Take the line with "this 1470×1470 image." and the rest of the lines after it, to the end of the entries, and restate them exactly.

-=-=-

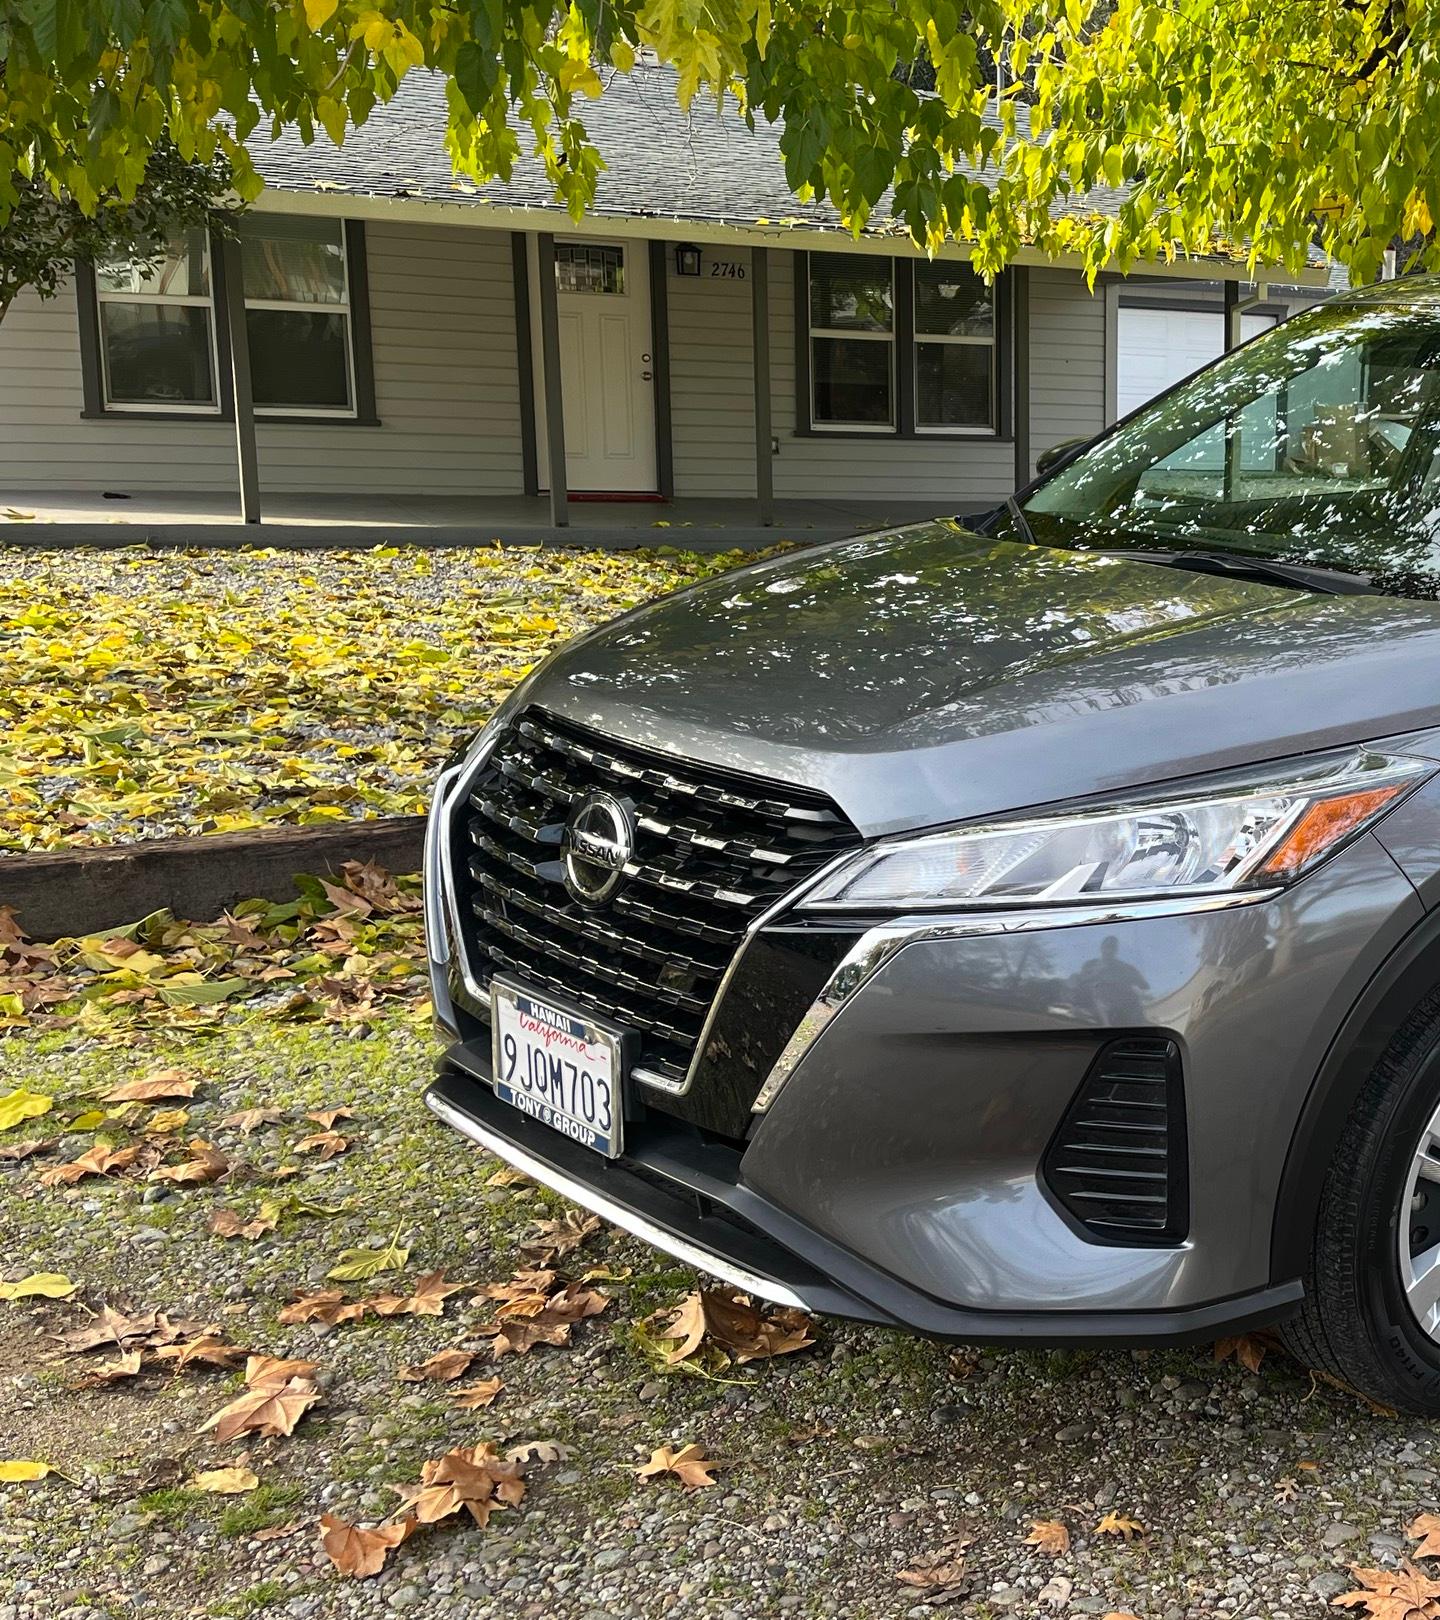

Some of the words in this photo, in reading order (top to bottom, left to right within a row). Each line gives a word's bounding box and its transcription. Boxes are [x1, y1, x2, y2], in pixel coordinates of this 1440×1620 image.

[712, 262, 745, 279] 2746
[530, 1002, 571, 1033] HAWAII
[504, 1033, 612, 1132] 9JQM703
[510, 1088, 541, 1118] TONY
[553, 1112, 596, 1146] GROUP
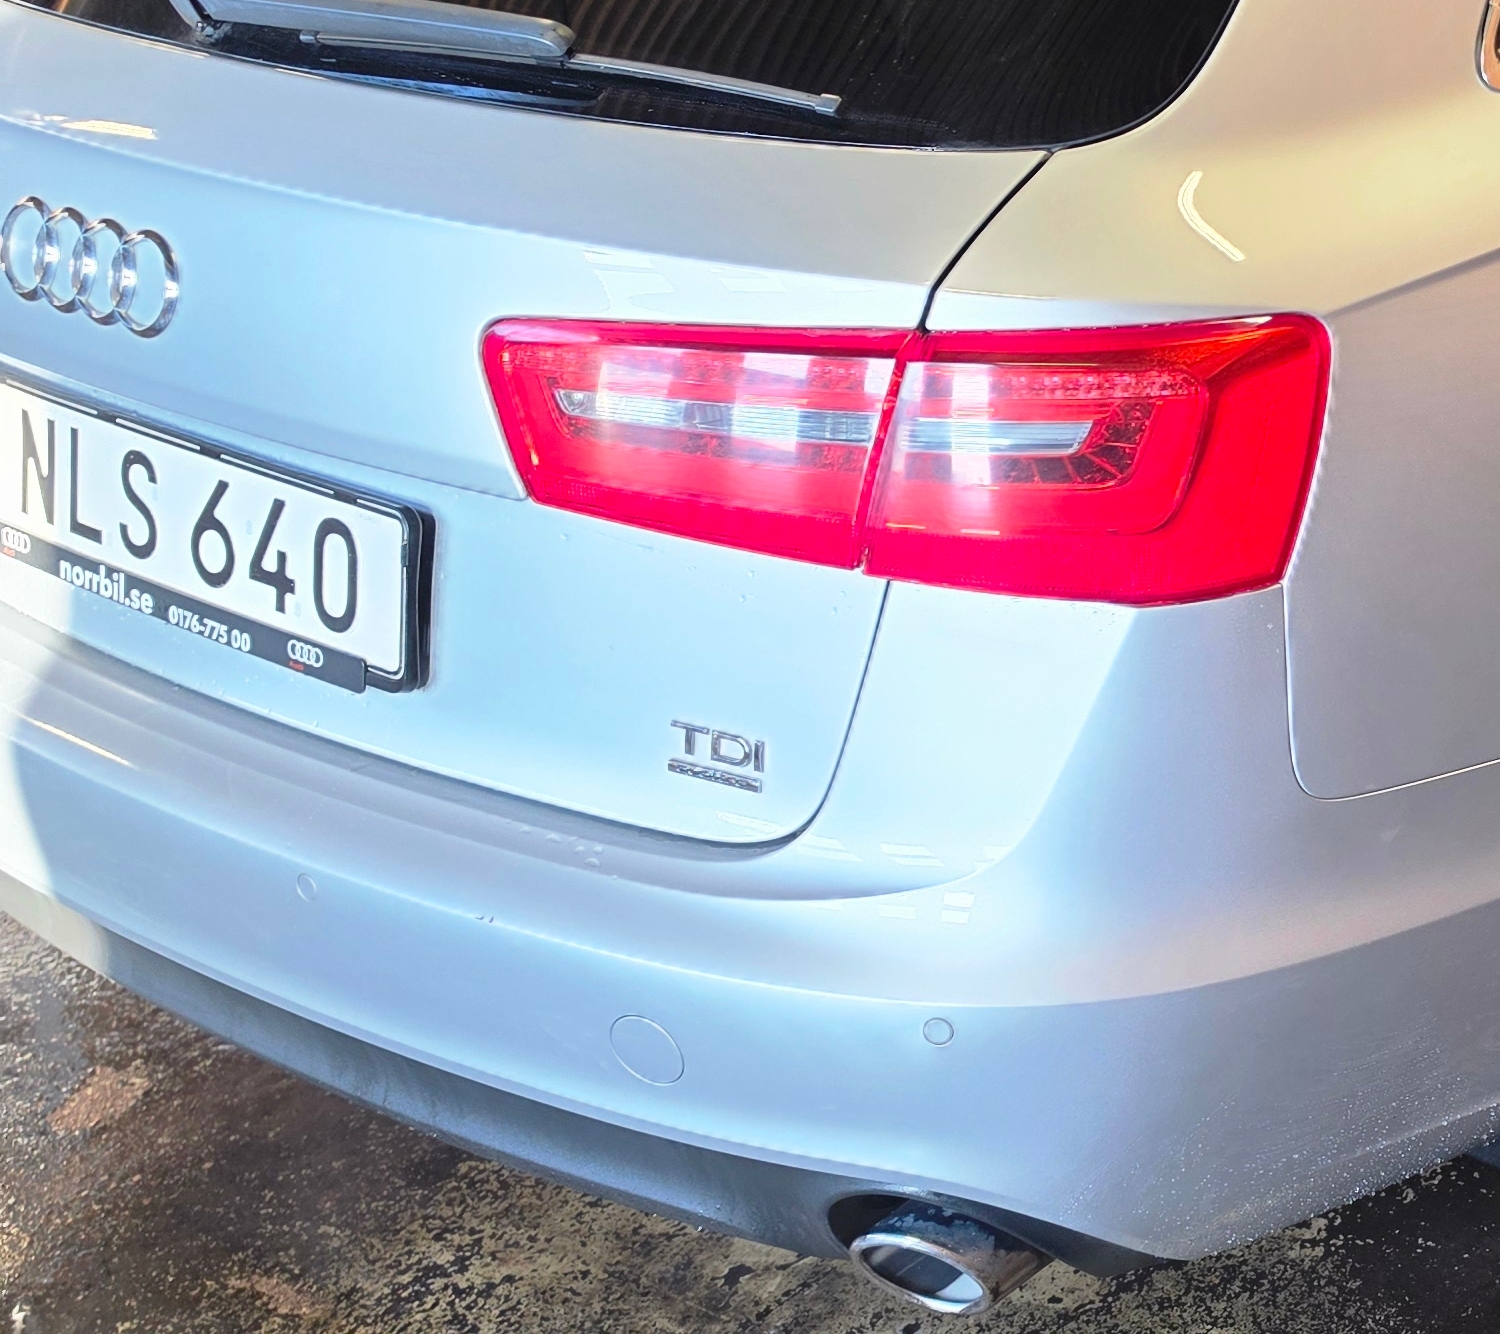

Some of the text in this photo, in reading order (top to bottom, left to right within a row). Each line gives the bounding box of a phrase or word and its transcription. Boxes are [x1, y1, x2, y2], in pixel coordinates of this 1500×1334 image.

[21, 408, 358, 634] NLS 640
[58, 559, 154, 615] norrbil.se
[168, 604, 251, 653] 0176-775 00
[670, 720, 765, 773] TDI
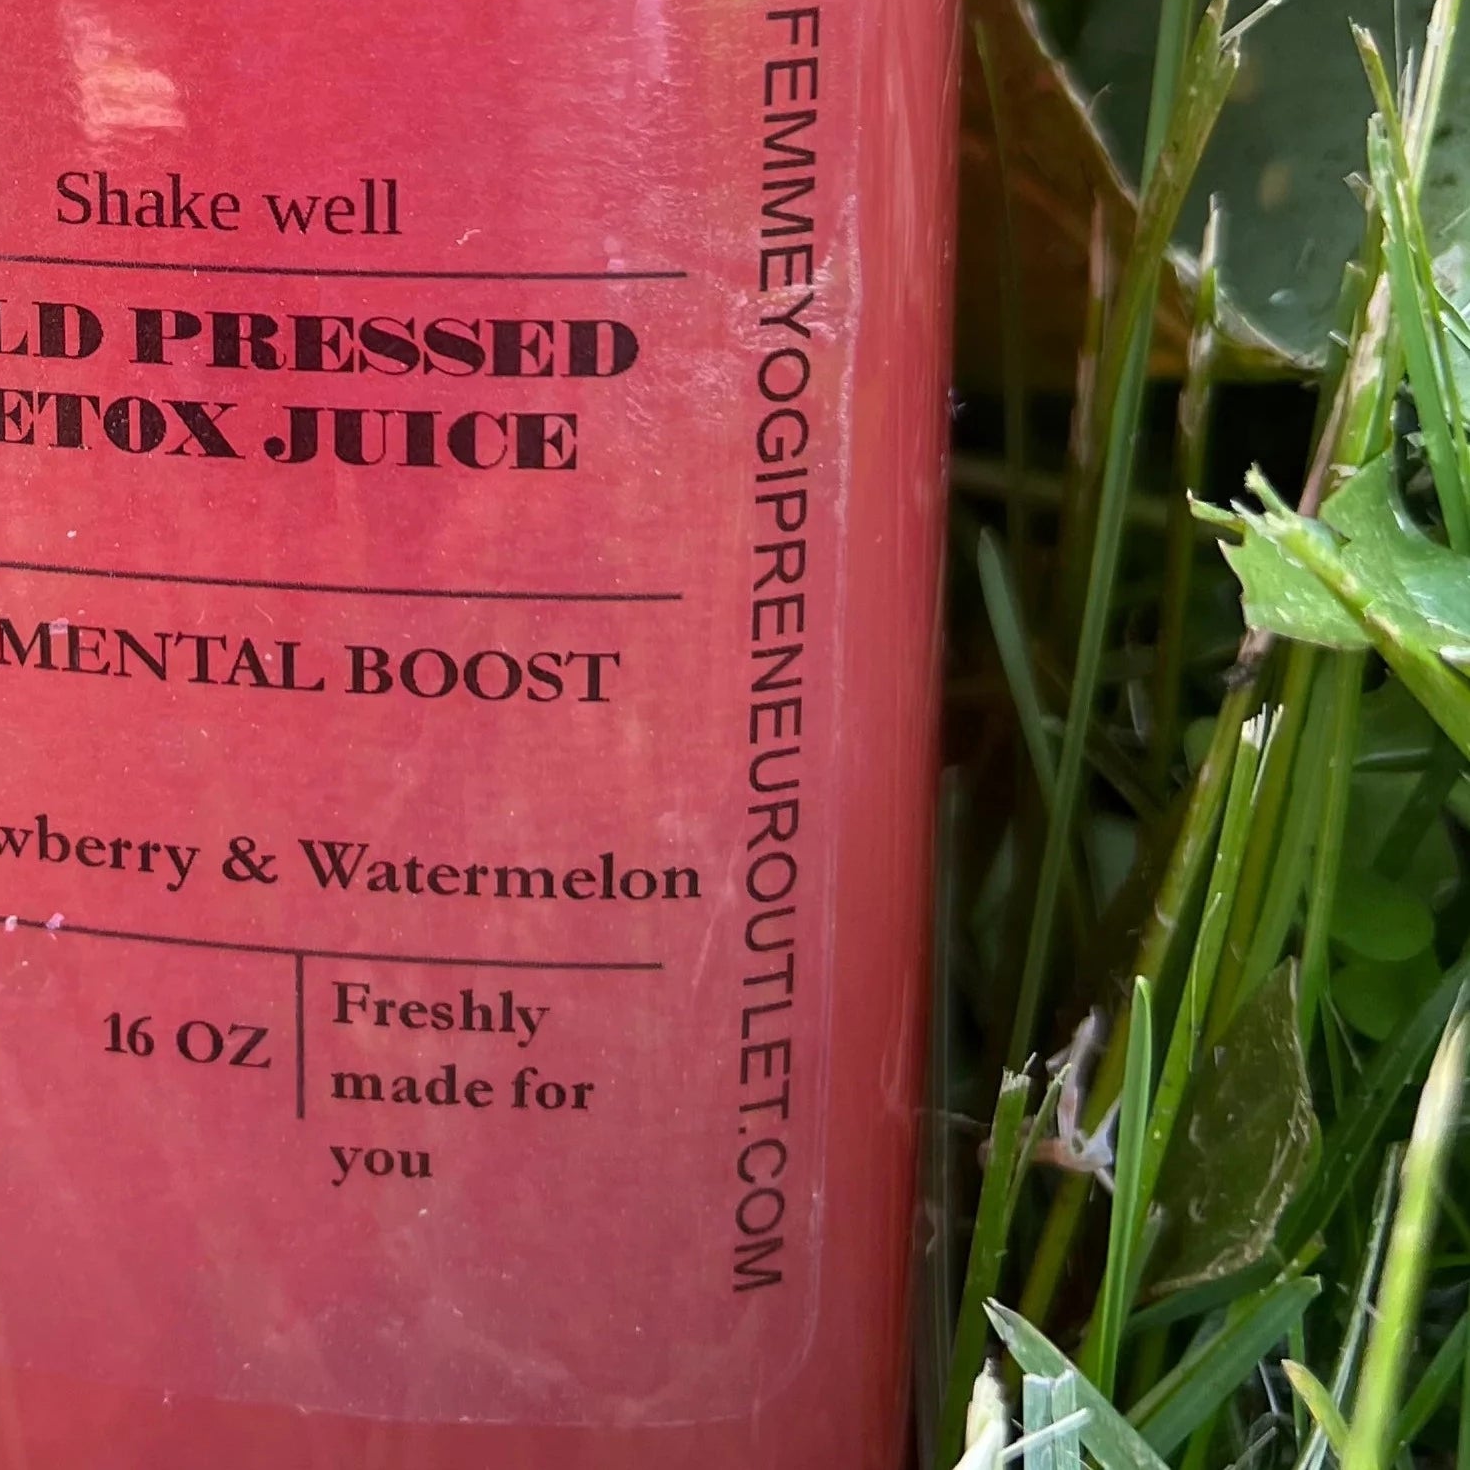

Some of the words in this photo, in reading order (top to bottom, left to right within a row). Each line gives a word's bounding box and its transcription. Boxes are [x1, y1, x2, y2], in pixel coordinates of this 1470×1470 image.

[55, 170, 241, 232] Shake
[262, 177, 403, 235] well
[128, 306, 641, 378] PRESSED
[263, 407, 580, 472] JUICE
[343, 644, 622, 704] BOOST
[733, 5, 821, 1294] FEMMEYOGIPRENEUROUTLET.COM
[220, 835, 279, 886] &
[297, 837, 703, 901] Watermelon
[102, 1010, 156, 1058] 16
[175, 1018, 273, 1070] OZ
[330, 980, 551, 1048] Freshly
[329, 1063, 495, 1110] made
[510, 1065, 596, 1112] for
[329, 1139, 433, 1186] you

-=-=-

Answer to this task:
Some of the words in this photo, in reading order (top to bottom, left to right within a row). Each line gives a word's bounding box and its transcription. Boxes are [x1, y1, x2, y2], in pixel coordinates of this 1470×1470 image.

[55, 170, 241, 232] Shake
[262, 177, 403, 235] well
[128, 306, 641, 378] PRESSED
[263, 407, 580, 472] JUICE
[343, 644, 622, 704] BOOST
[733, 5, 821, 1294] FEMMEYOGIPRENEUROUTLET.COM
[220, 835, 279, 886] &
[297, 837, 703, 901] Watermelon
[102, 1010, 156, 1058] 16
[175, 1018, 273, 1070] OZ
[330, 980, 551, 1048] Freshly
[329, 1063, 495, 1110] made
[510, 1065, 596, 1112] for
[329, 1139, 433, 1186] you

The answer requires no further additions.